[Stored data]
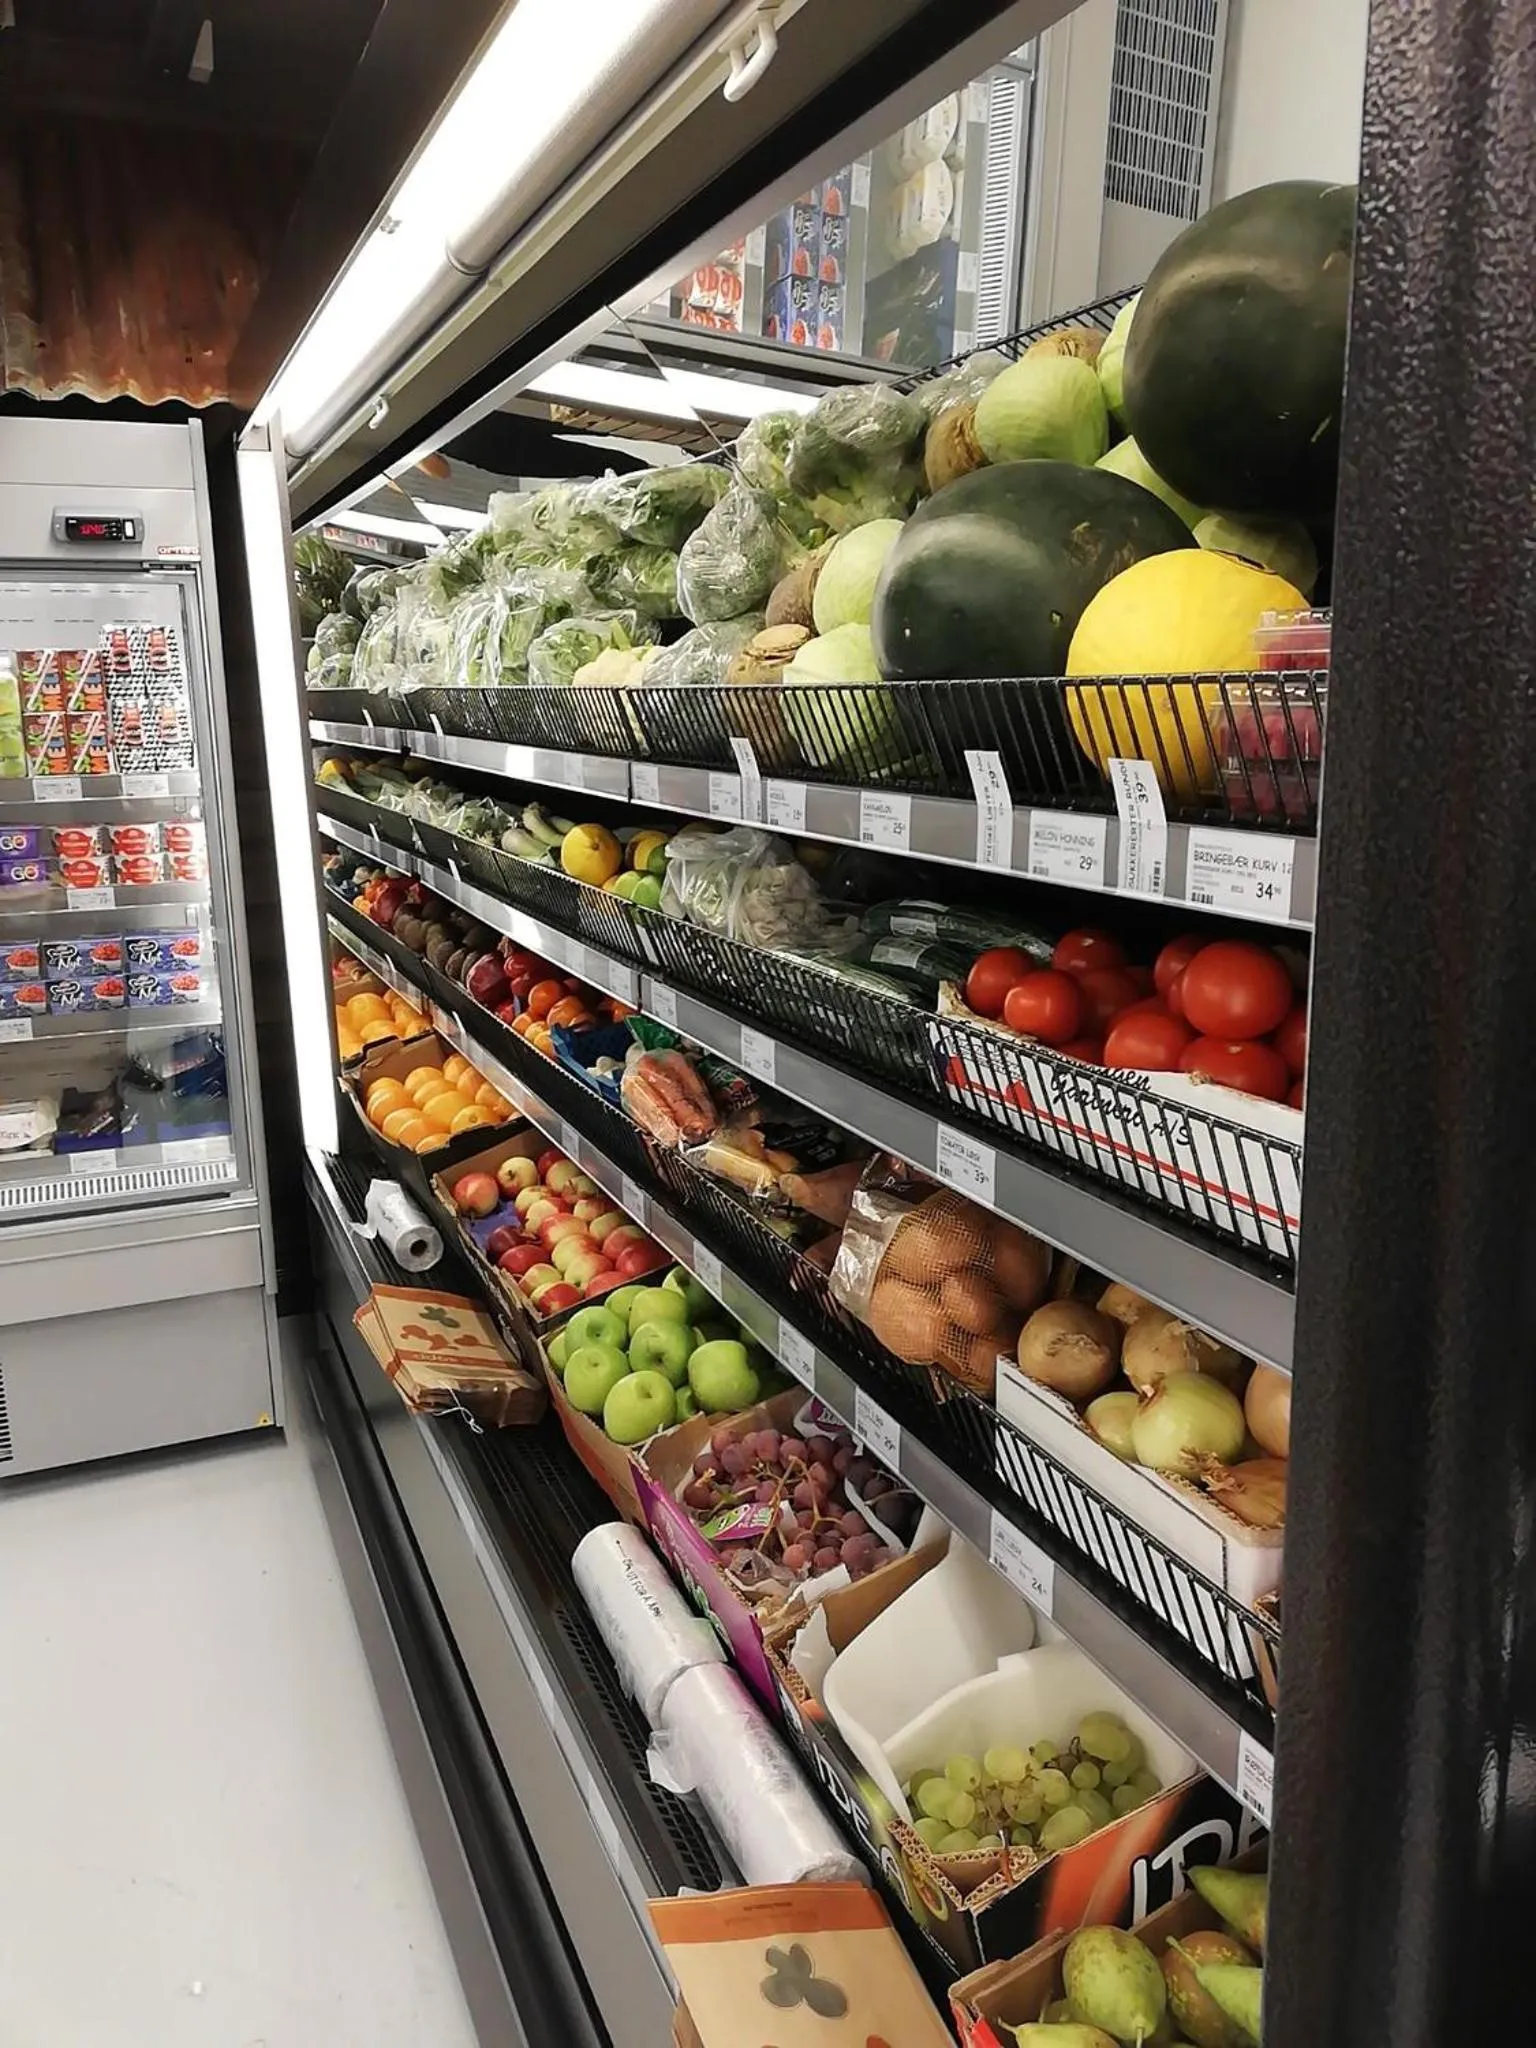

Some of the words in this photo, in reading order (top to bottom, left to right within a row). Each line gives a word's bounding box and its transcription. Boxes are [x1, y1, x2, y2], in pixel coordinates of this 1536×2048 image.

[1135, 782, 1149, 804] 39
[1127, 804, 1138, 889] SUKKERERTER
[1079, 855, 1092, 871] 29
[1194, 850, 1248, 868] BRINGEBÆR
[1252, 858, 1279, 873] KURV
[1256, 882, 1273, 900] 34

Work instructions —
Hand back the data above exactly, with no images.

Solved exercise —
Some of the words in this photo, in reading order (top to bottom, left to right within a row). Each line gives a word's bounding box and its transcription. Boxes are [x1, y1, x2, y2], in pixel coordinates of this 1536×2048 image.

[1135, 782, 1149, 804] 39
[1127, 804, 1138, 889] SUKKERERTER
[1079, 855, 1092, 871] 29
[1194, 850, 1248, 868] BRINGEBÆR
[1252, 858, 1279, 873] KURV
[1256, 882, 1273, 900] 34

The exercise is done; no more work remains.